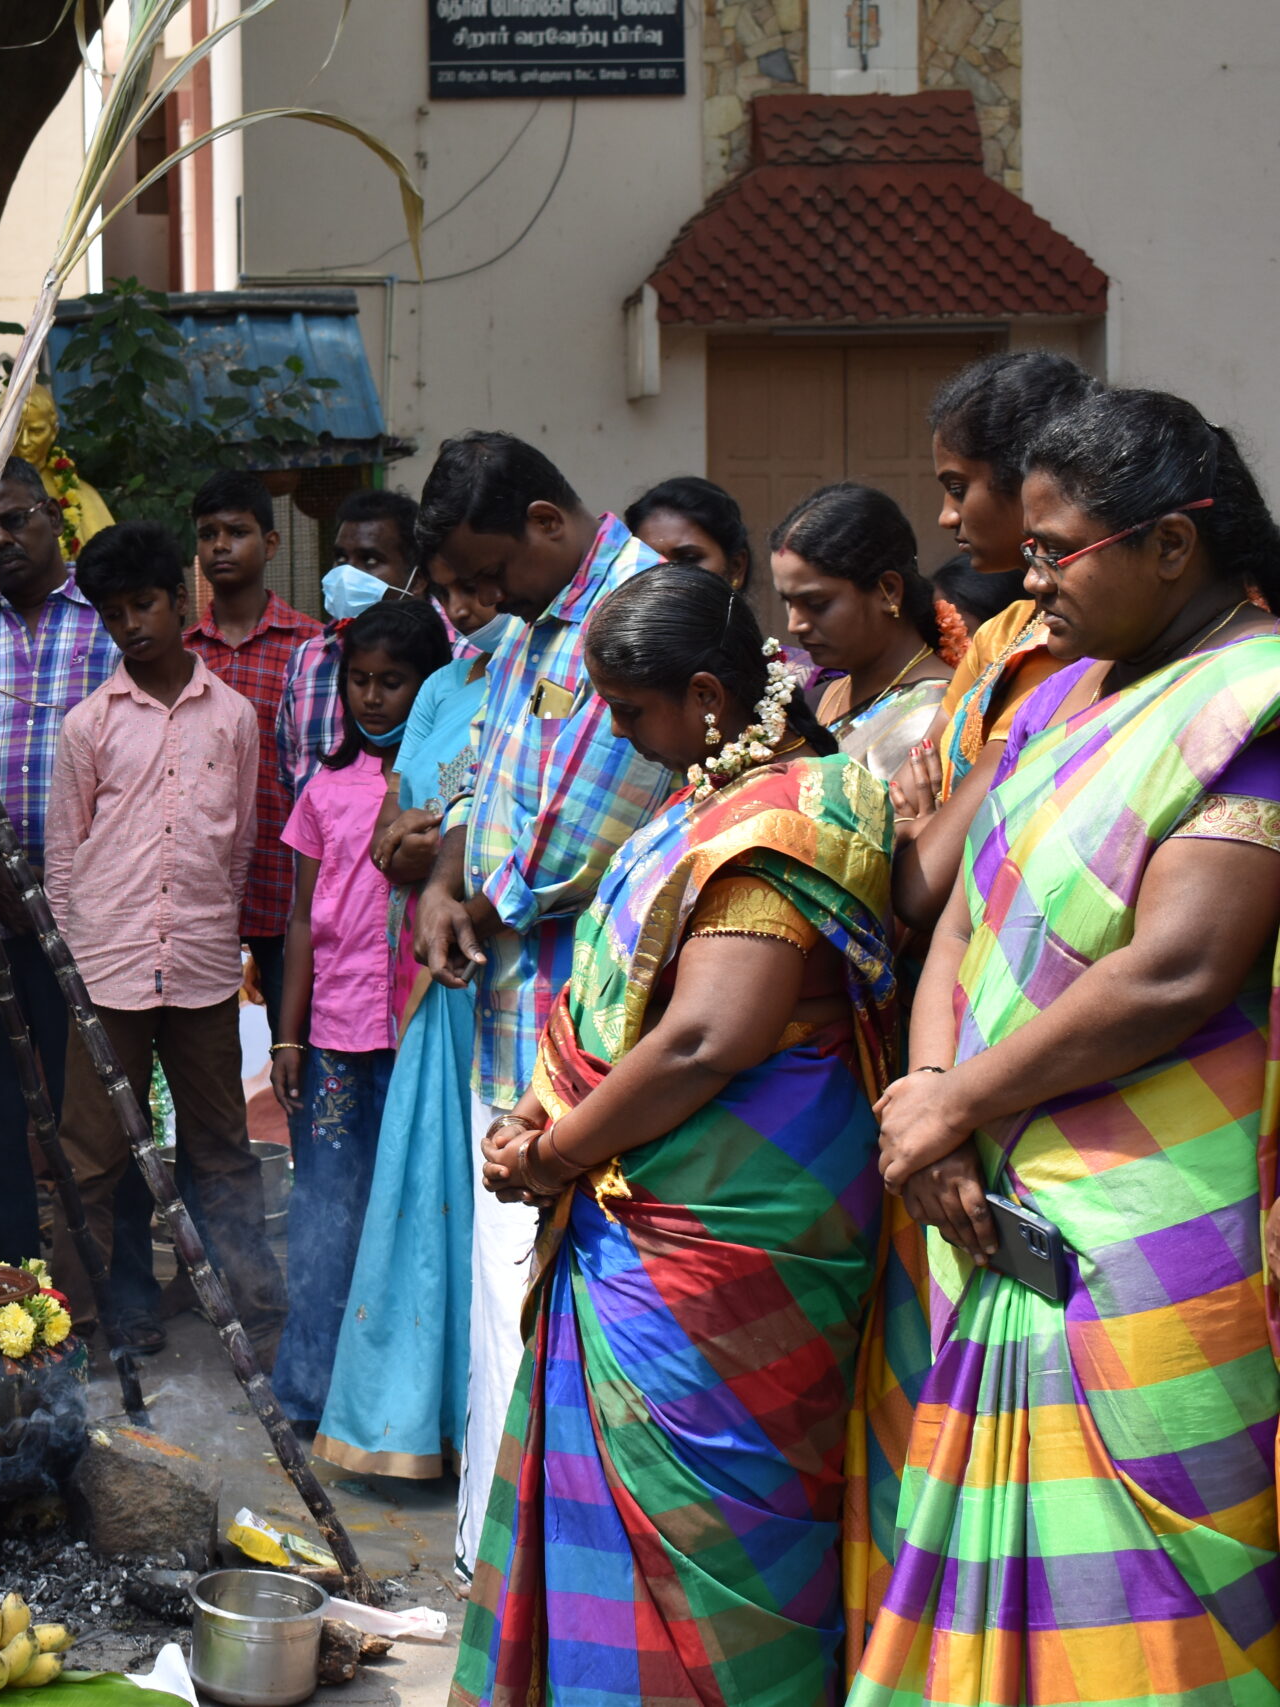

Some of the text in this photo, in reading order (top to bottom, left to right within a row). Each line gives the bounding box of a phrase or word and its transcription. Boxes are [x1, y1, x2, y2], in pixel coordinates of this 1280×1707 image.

[452, 24, 664, 49] சிறார் வரவேற்பு பிரிவு
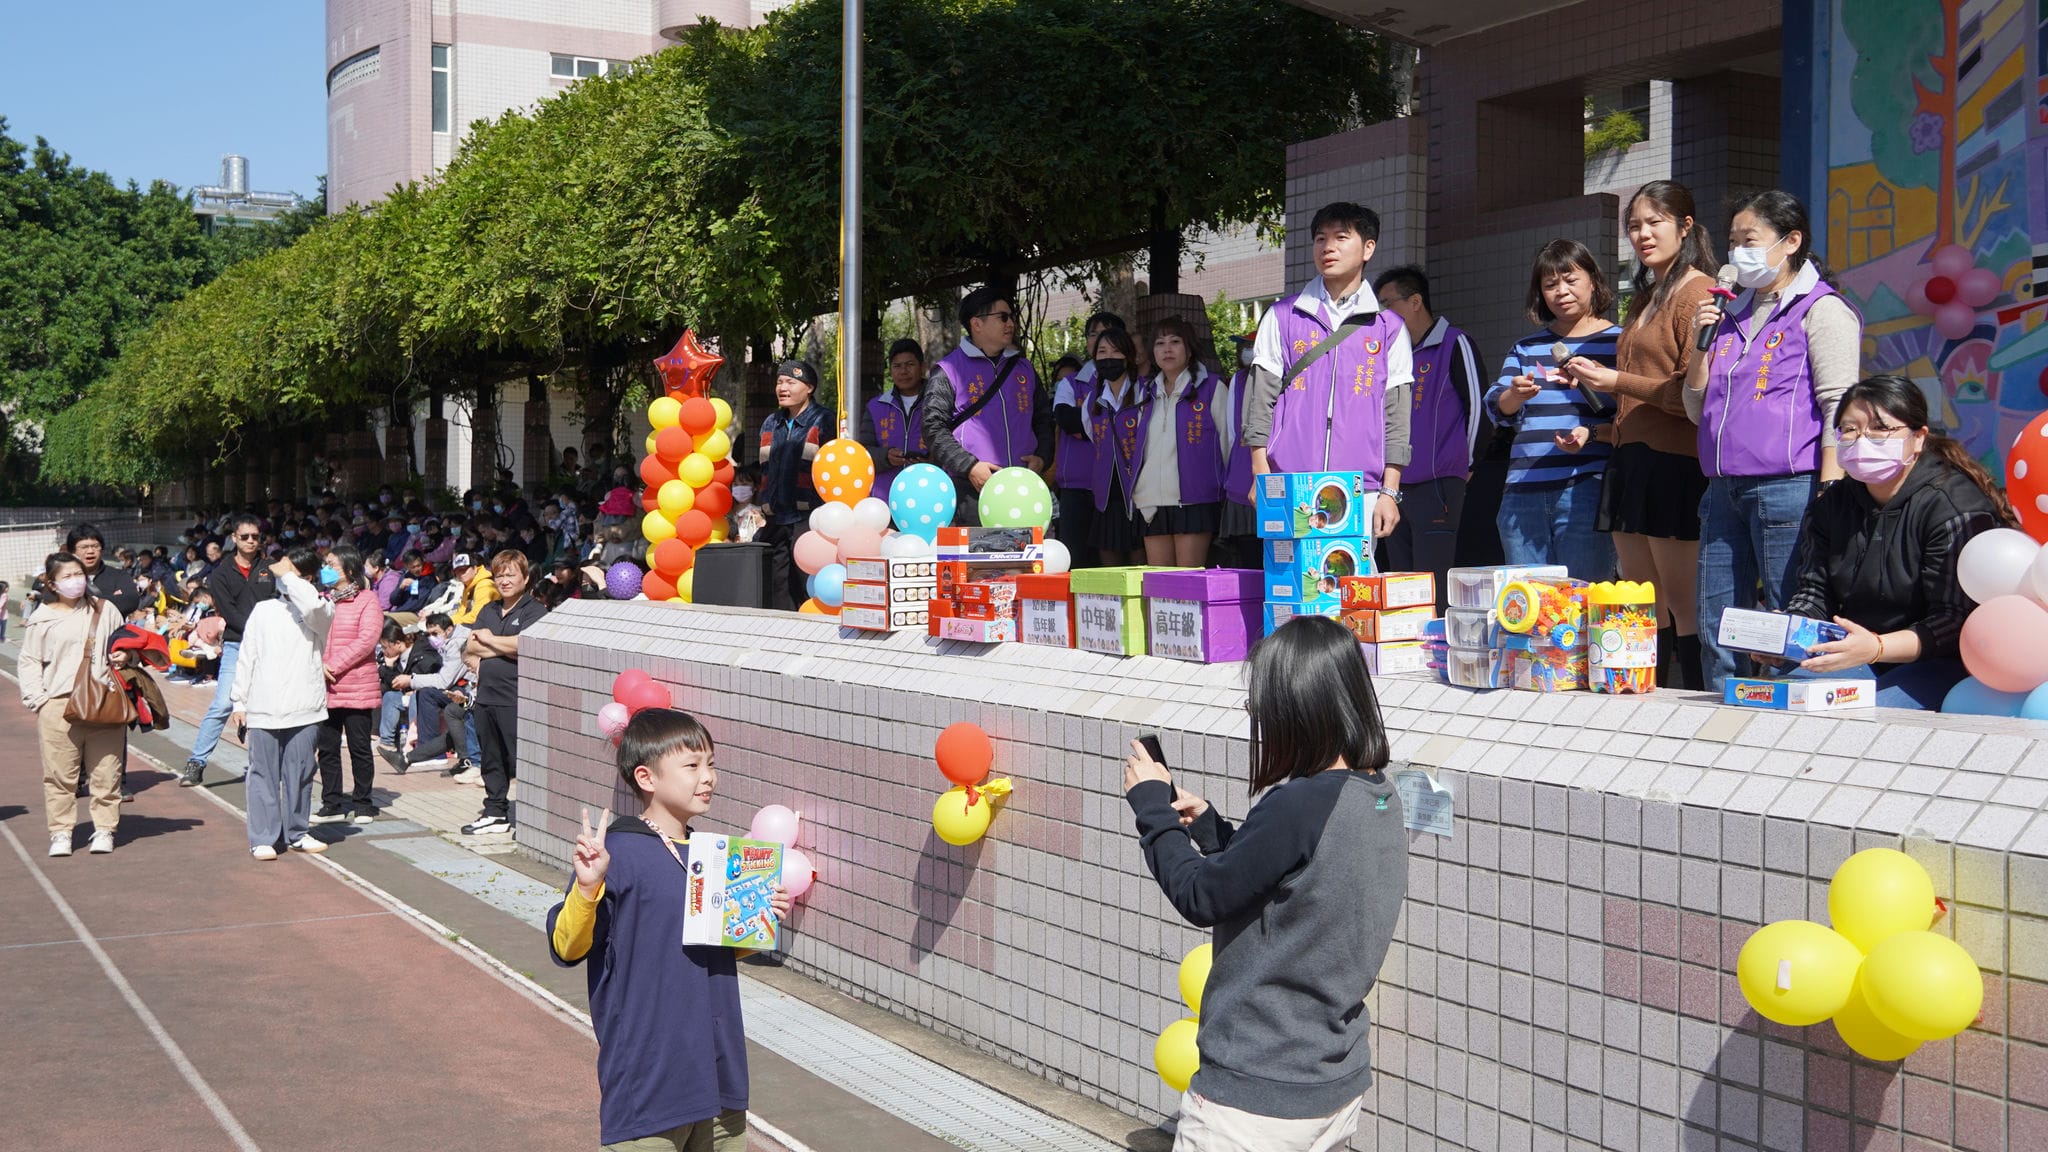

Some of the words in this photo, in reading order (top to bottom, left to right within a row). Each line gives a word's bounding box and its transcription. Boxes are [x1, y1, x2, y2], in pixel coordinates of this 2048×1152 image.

[1753, 351, 1773, 401] 祥安國小
[1026, 546, 1037, 559] 7
[1033, 617, 1057, 633] 低年級
[1081, 605, 1117, 633] 中年級
[1155, 610, 1196, 637] 高年級
[743, 846, 774, 861] FRUIT
[741, 858, 775, 872] STICKING
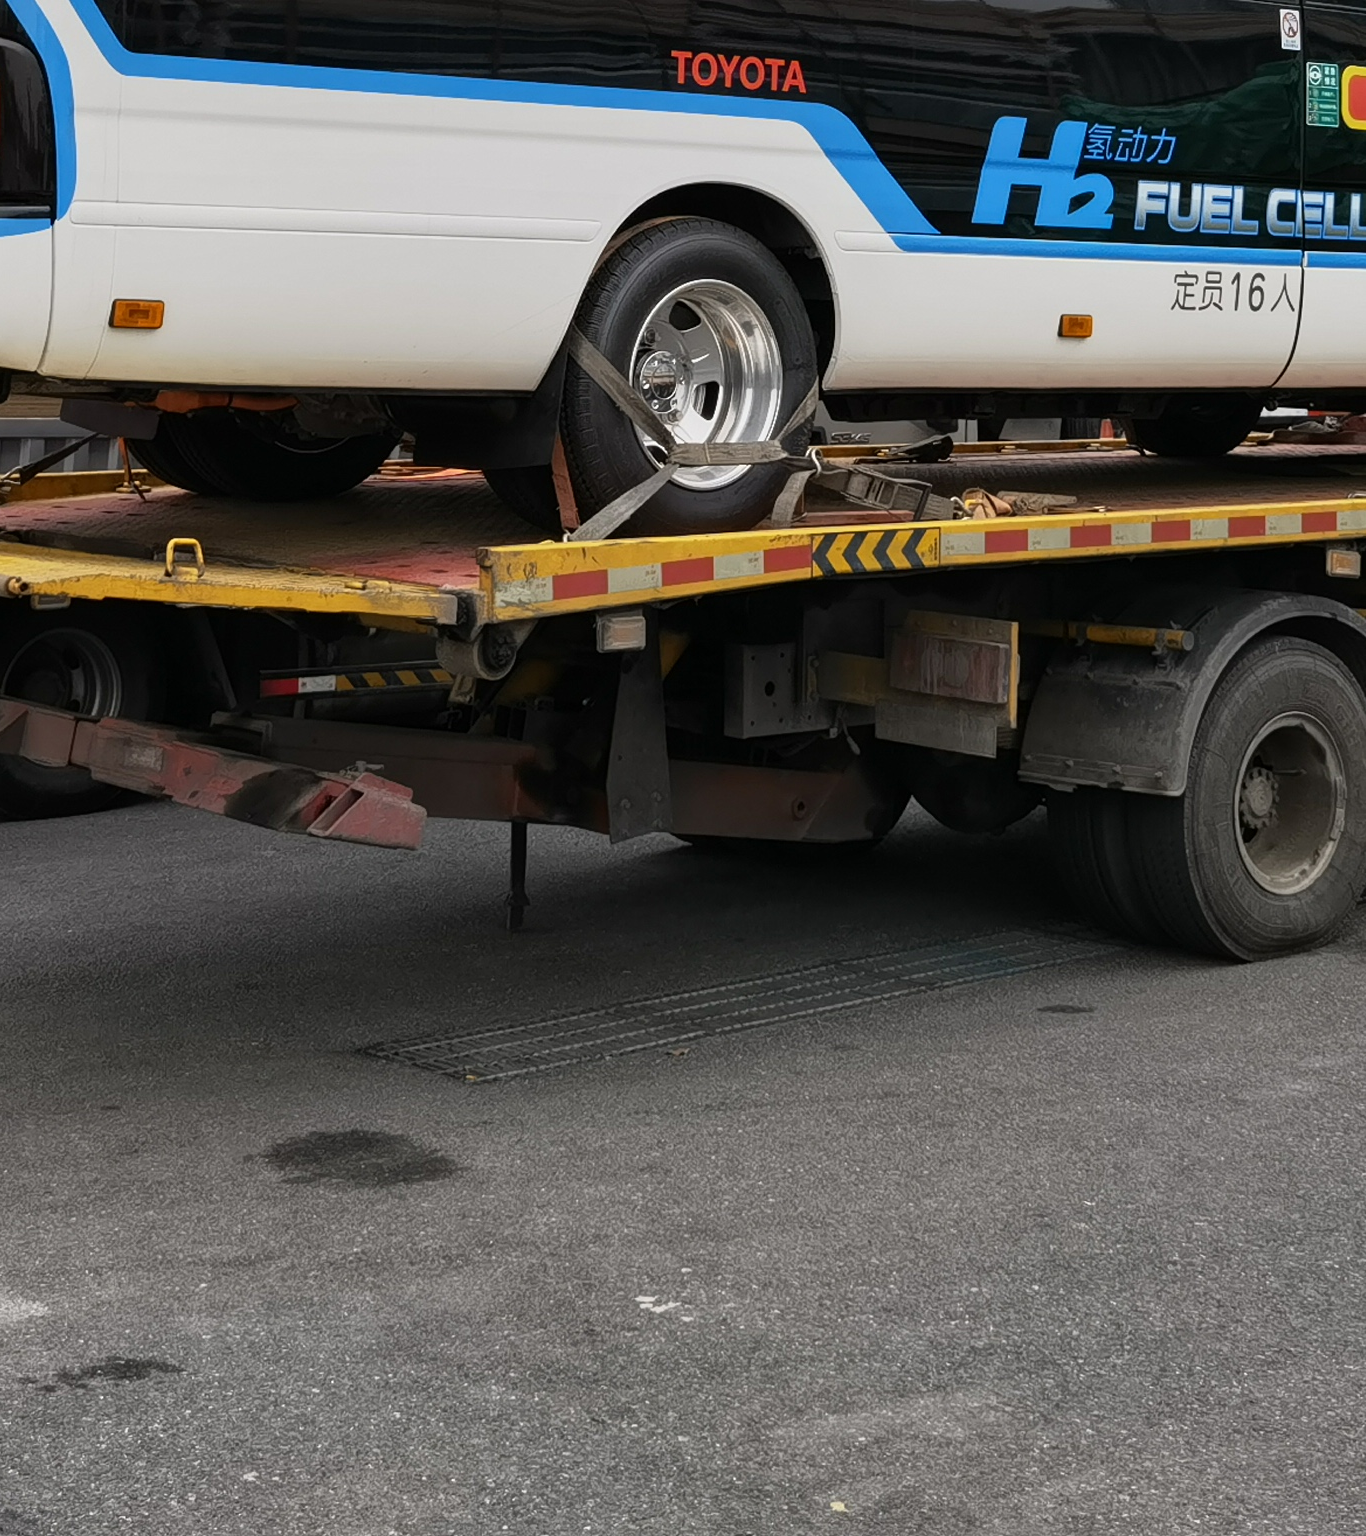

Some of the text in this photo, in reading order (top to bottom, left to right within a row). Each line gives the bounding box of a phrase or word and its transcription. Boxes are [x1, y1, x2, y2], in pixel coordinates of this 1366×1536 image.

[670, 49, 807, 94] TOYOTA
[1083, 123, 1177, 165] 氢动力
[1134, 180, 1259, 236] FUEL
[1170, 270, 1296, 313] 定员16人

Task description ->
Write out the material above exactly. Skip the pictures.

Written solution ->
Some of the text in this photo, in reading order (top to bottom, left to right within a row). Each line gives the bounding box of a phrase or word and its transcription. Boxes are [x1, y1, x2, y2], in pixel coordinates of this 1280×1707 image.

[452, 24, 664, 49] சிறார் வரவேற்பு பிரிவு

Some of the words in this photo, in reading order (top to bottom, left to right within a row). Each line gives a word's bounding box and its transcription. Boxes are [x1, y1, x2, y2], in pixel coordinates of this 2048×1152 image.

[1753, 351, 1773, 401] 祥安國小
[1026, 546, 1037, 559] 7
[1033, 617, 1057, 633] 低年級
[1081, 605, 1117, 633] 中年級
[1155, 610, 1196, 637] 高年級
[743, 846, 774, 861] FRUIT
[741, 858, 775, 872] STICKING

Some of the text in this photo, in reading order (top to bottom, left to right within a row). Each line gives the bounding box of a phrase or word and its transcription. Boxes are [x1, y1, x2, y2], in pixel coordinates of this 1366×1536 image.

[670, 49, 807, 94] TOYOTA
[1083, 123, 1177, 165] 氢动力
[1134, 180, 1259, 236] FUEL
[1170, 270, 1296, 313] 定员16人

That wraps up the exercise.